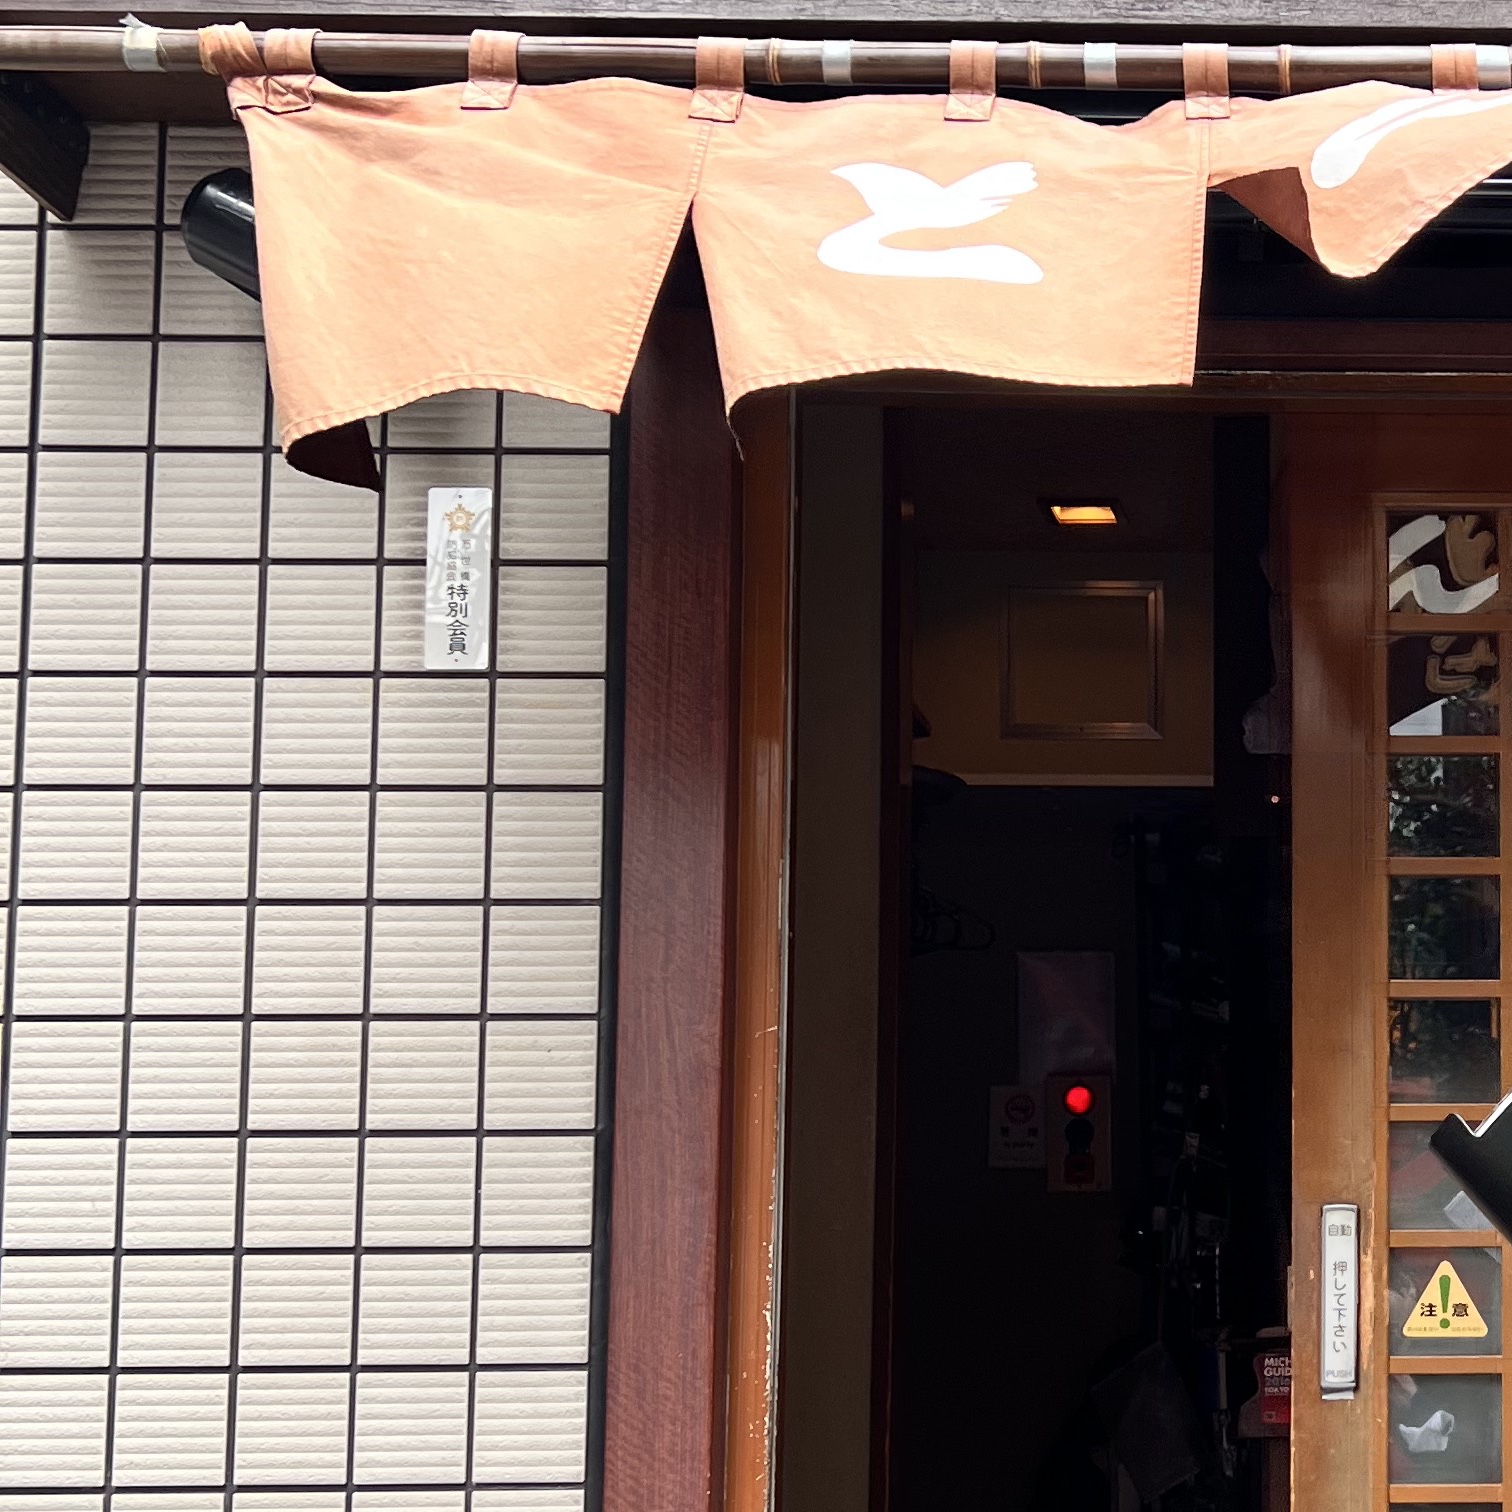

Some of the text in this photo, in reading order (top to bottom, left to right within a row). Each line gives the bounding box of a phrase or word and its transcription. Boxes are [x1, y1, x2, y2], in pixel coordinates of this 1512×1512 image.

[445, 583, 470, 656] 特別会員
[1328, 1223, 1352, 1237] 自動
[1332, 1260, 1348, 1353] 押して下さい
[1420, 1302, 1469, 1318] 注意
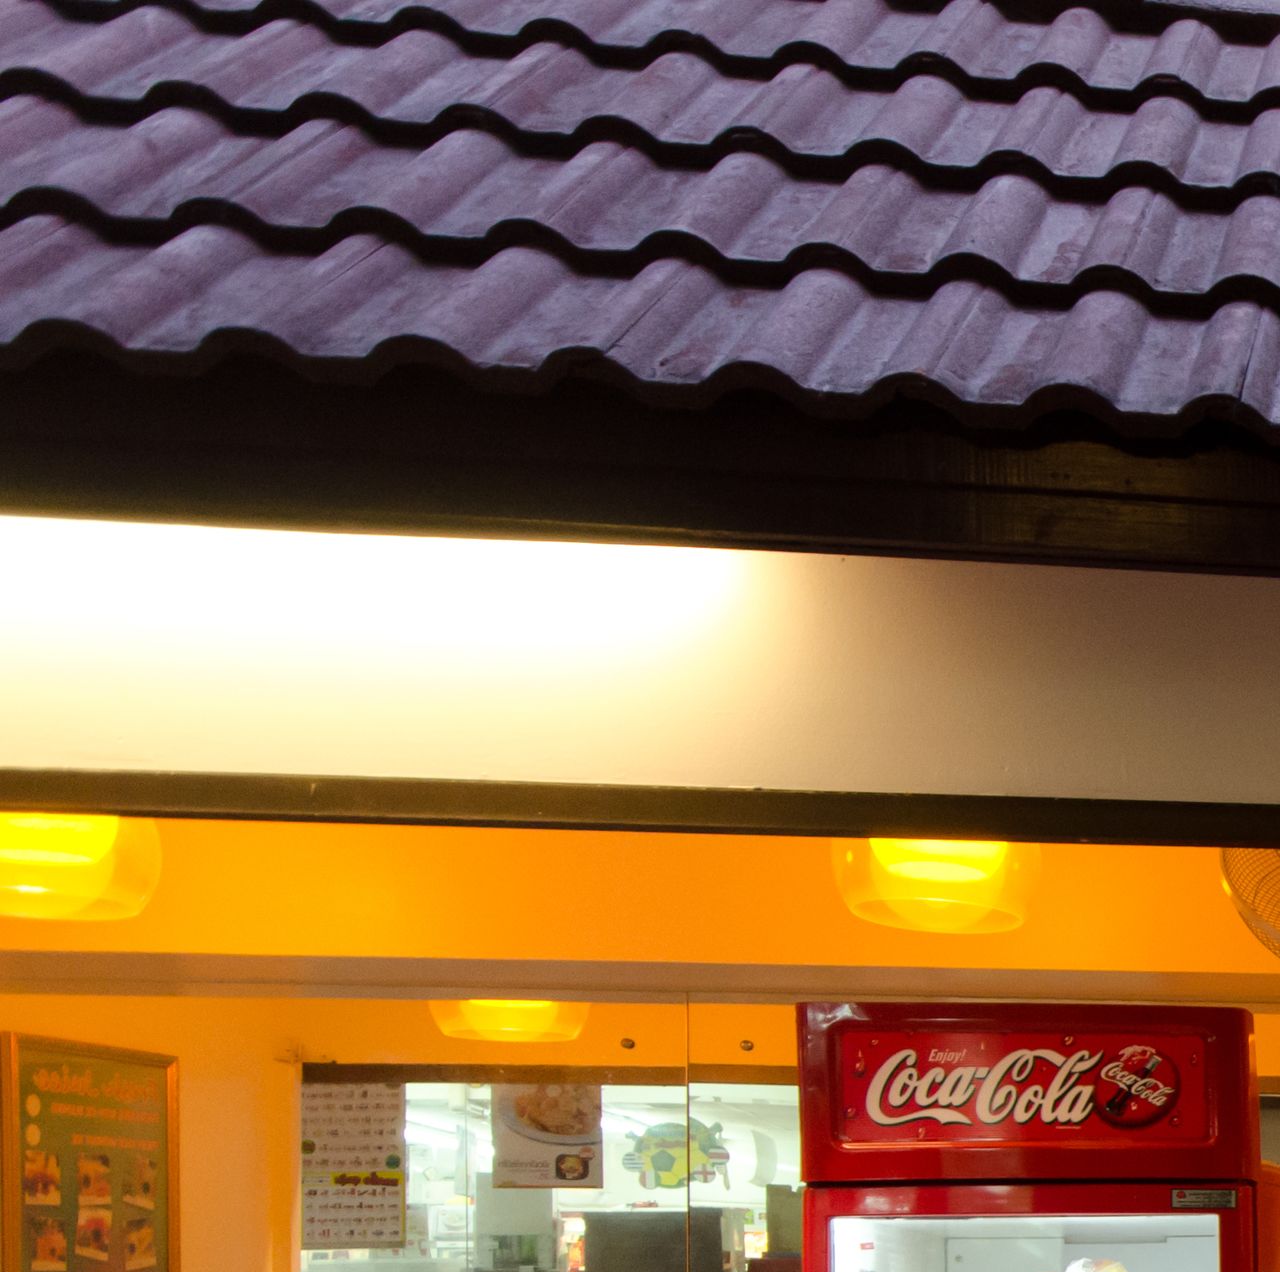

**YOUR OBJECTIVE**: Each entry above must be restated word for word; the pictures stay out of the copy.

**WRITTEN SOLUTION**:
Some of the text in this photo, in reading order (top to bottom, left to right within a row). Each line gives the bounding box of a phrase or word and its transcription. Boxes are [x1, y1, x2, y2], in pixel coordinates of this 1512×1512 image.

[445, 583, 470, 656] 特別会員
[1328, 1223, 1352, 1237] 自動
[1332, 1260, 1348, 1353] 押して下さい
[1420, 1302, 1469, 1318] 注意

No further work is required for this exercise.